- **Directions for this task**:
Return every record below exactly as written, omitting any pictures.

- **Data shown**:
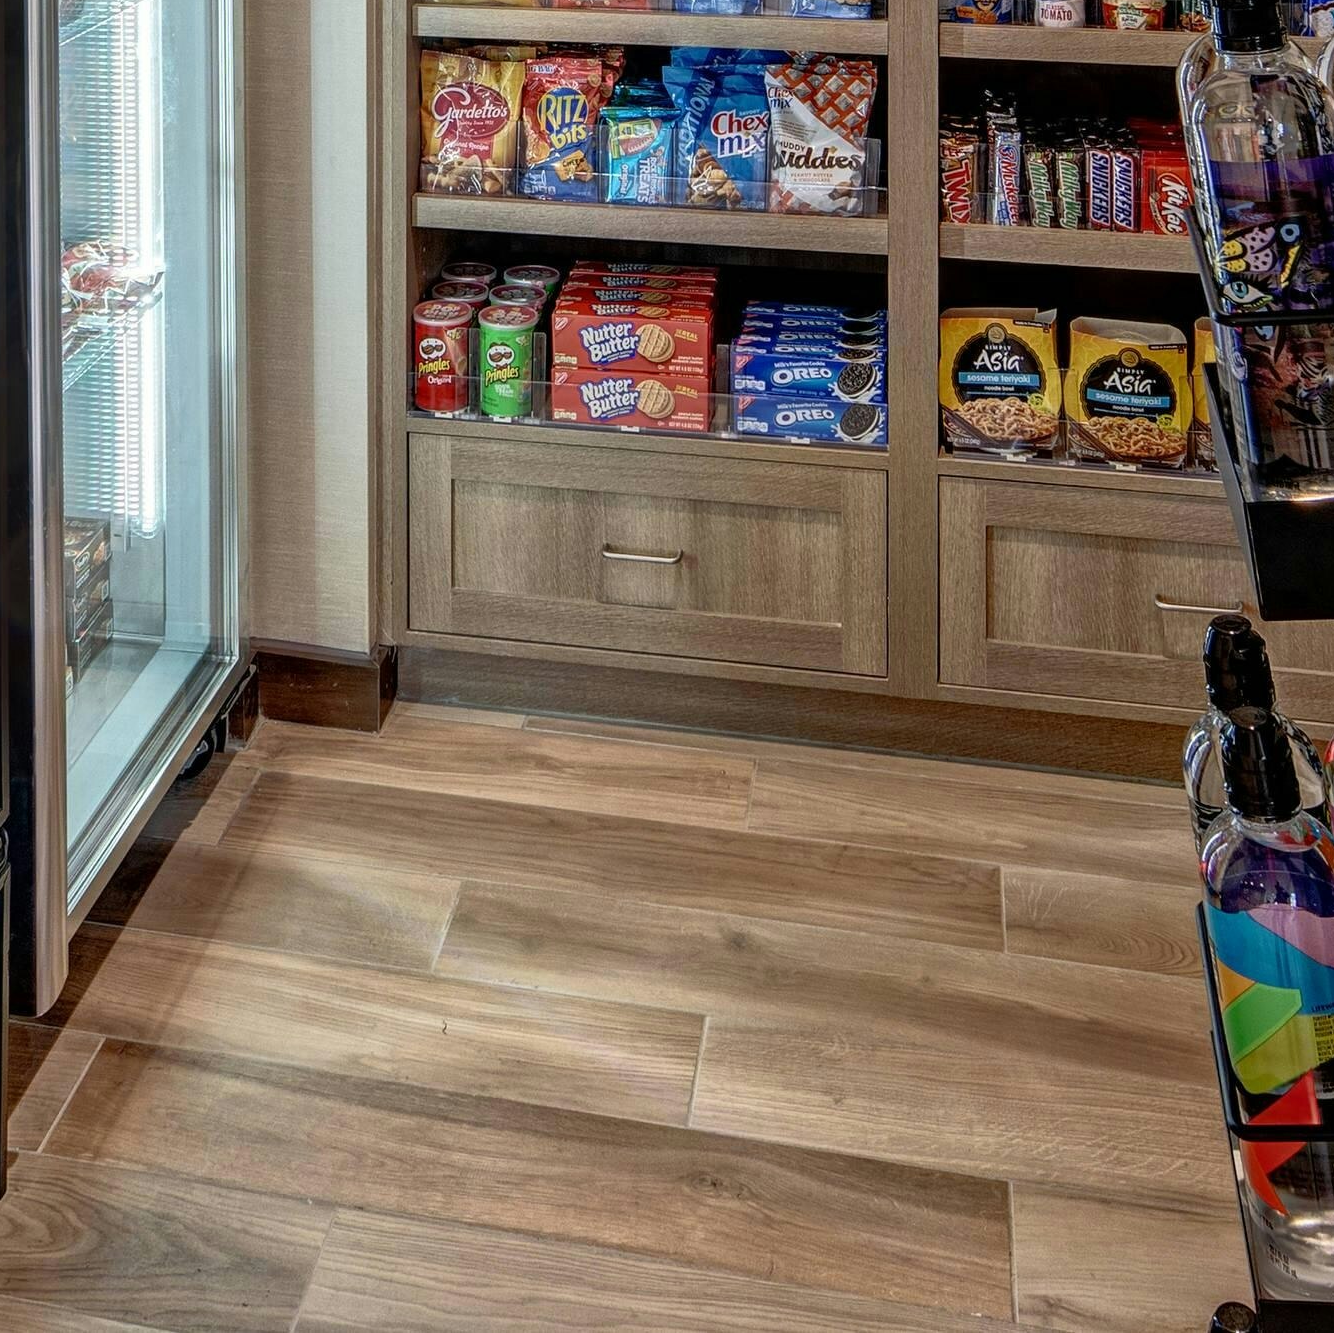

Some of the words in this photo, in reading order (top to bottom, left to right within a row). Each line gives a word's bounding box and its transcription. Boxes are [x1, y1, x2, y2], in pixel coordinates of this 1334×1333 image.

[1040, 8, 1073, 21] TOMATO
[768, 86, 794, 98] Chex
[770, 98, 793, 109] mix
[432, 87, 508, 138] Gardetto's
[541, 94, 586, 131] RITZ
[711, 112, 769, 134] Chex
[551, 125, 587, 149] bits
[718, 132, 768, 158] mix
[637, 158, 649, 203] TREATS
[1091, 151, 1111, 225] SNICKERS
[1114, 152, 1134, 229] SNICKERS
[581, 323, 632, 347] Nutter
[589, 336, 639, 362] Butter
[973, 349, 1020, 372] Asia
[419, 359, 450, 378] Pringles
[486, 367, 518, 386] Pringles
[773, 368, 832, 384] OREO
[967, 374, 999, 383] sesame
[1001, 373, 1030, 384] teriyaki
[1117, 367, 1145, 375] SIMPLY
[581, 379, 632, 402] Nutter
[1103, 371, 1153, 395] Asia
[588, 391, 639, 418] Butter
[1095, 391, 1129, 403] sesame
[1131, 394, 1162, 406] teriyaki
[775, 409, 834, 426] OREO
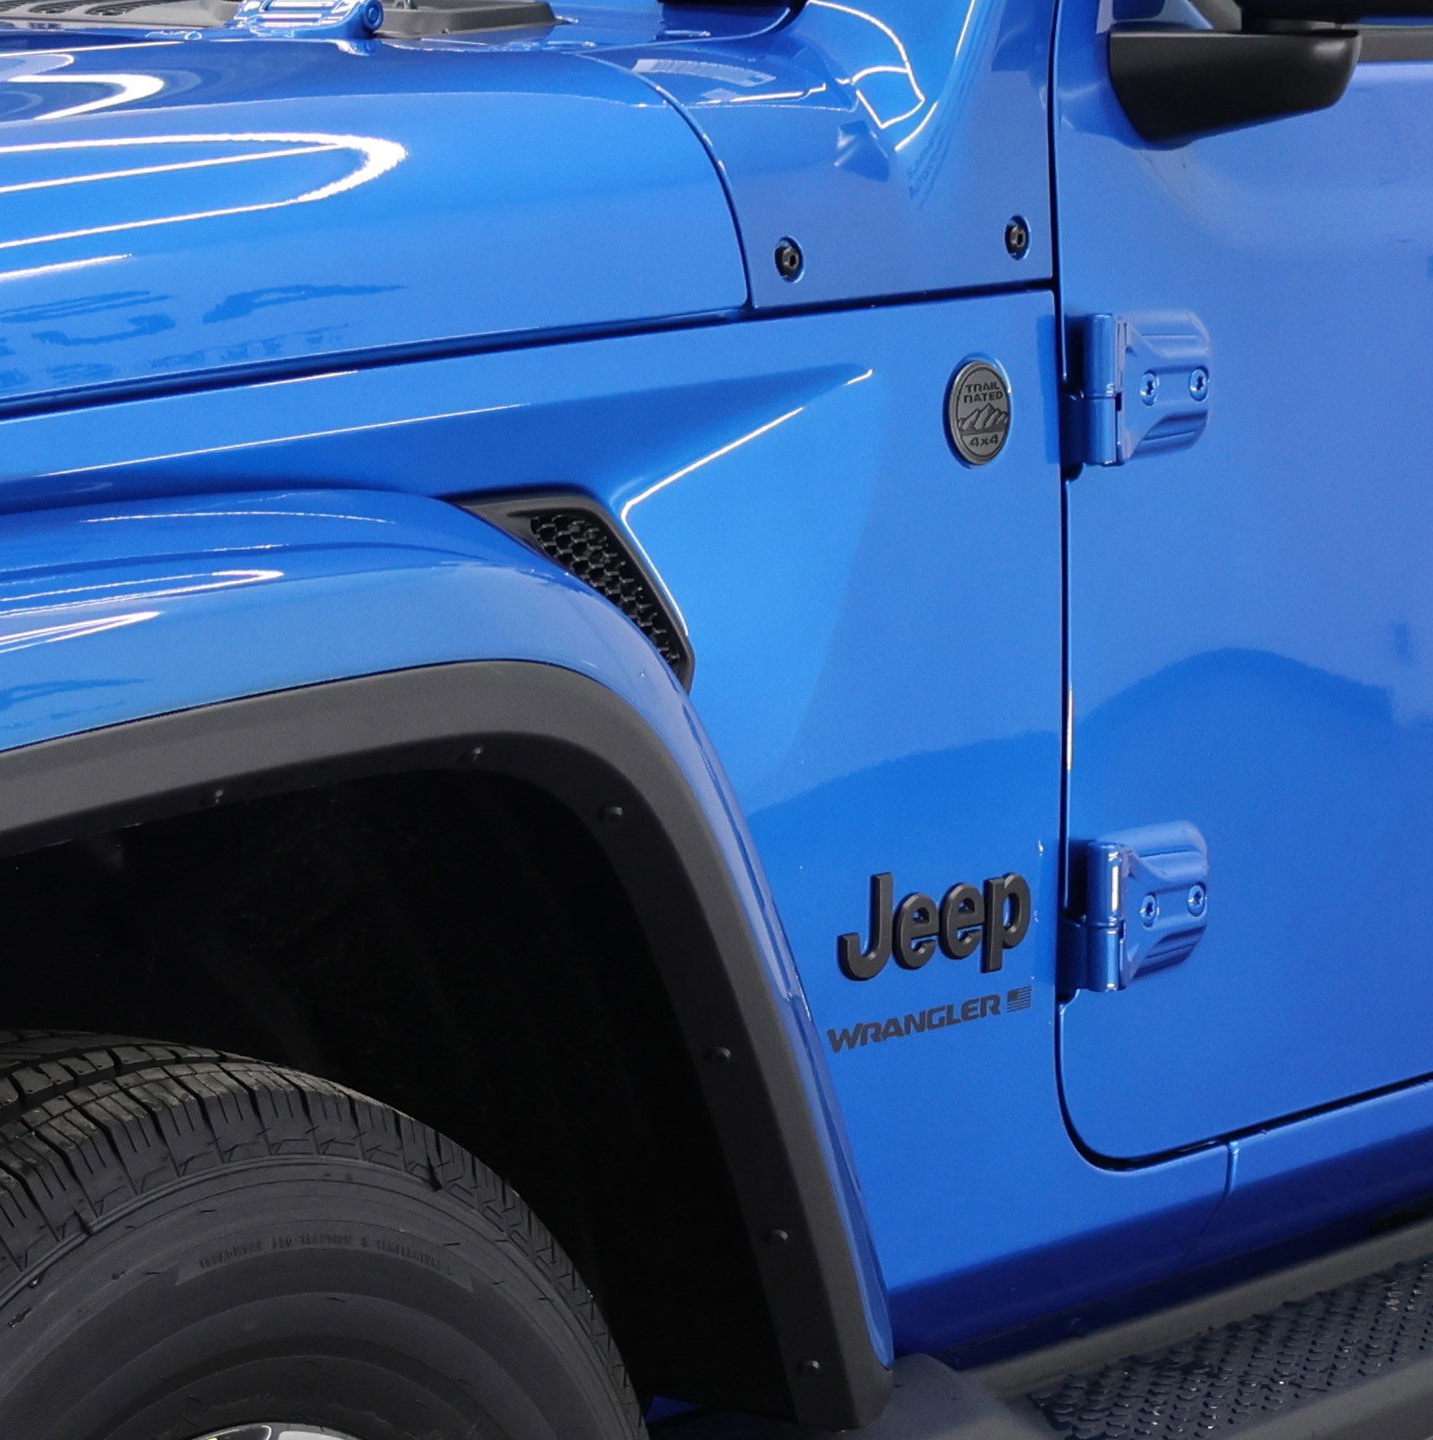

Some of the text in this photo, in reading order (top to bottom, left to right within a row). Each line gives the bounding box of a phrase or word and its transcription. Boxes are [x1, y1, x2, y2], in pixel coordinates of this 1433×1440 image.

[965, 383, 1000, 393] TRAIL
[964, 391, 1004, 403] RATED
[970, 434, 999, 447] 4x4
[837, 871, 1031, 982] Jeep
[827, 994, 1002, 1054] WRANGLER

- **Written solution**:
Some of the words in this photo, in reading order (top to bottom, left to right within a row). Each line gives a word's bounding box and its transcription. Boxes are [x1, y1, x2, y2], in pixel coordinates of this 1334×1333 image.

[1040, 8, 1073, 21] TOMATO
[768, 86, 794, 98] Chex
[770, 98, 793, 109] mix
[432, 87, 508, 138] Gardetto's
[541, 94, 586, 131] RITZ
[711, 112, 769, 134] Chex
[551, 125, 587, 149] bits
[718, 132, 768, 158] mix
[637, 158, 649, 203] TREATS
[1091, 151, 1111, 225] SNICKERS
[1114, 152, 1134, 229] SNICKERS
[581, 323, 632, 347] Nutter
[589, 336, 639, 362] Butter
[973, 349, 1020, 372] Asia
[419, 359, 450, 378] Pringles
[486, 367, 518, 386] Pringles
[773, 368, 832, 384] OREO
[967, 374, 999, 383] sesame
[1001, 373, 1030, 384] teriyaki
[1117, 367, 1145, 375] SIMPLY
[581, 379, 632, 402] Nutter
[1103, 371, 1153, 395] Asia
[588, 391, 639, 418] Butter
[1095, 391, 1129, 403] sesame
[1131, 394, 1162, 406] teriyaki
[775, 409, 834, 426] OREO

Some of the text in this photo, in reading order (top to bottom, left to right within a row). Each line gives the bounding box of a phrase or word and its transcription. Boxes are [x1, y1, x2, y2], in pixel coordinates of this 1433×1440 image.

[965, 383, 1000, 393] TRAIL
[964, 391, 1004, 403] RATED
[970, 434, 999, 447] 4x4
[837, 871, 1031, 982] Jeep
[827, 994, 1002, 1054] WRANGLER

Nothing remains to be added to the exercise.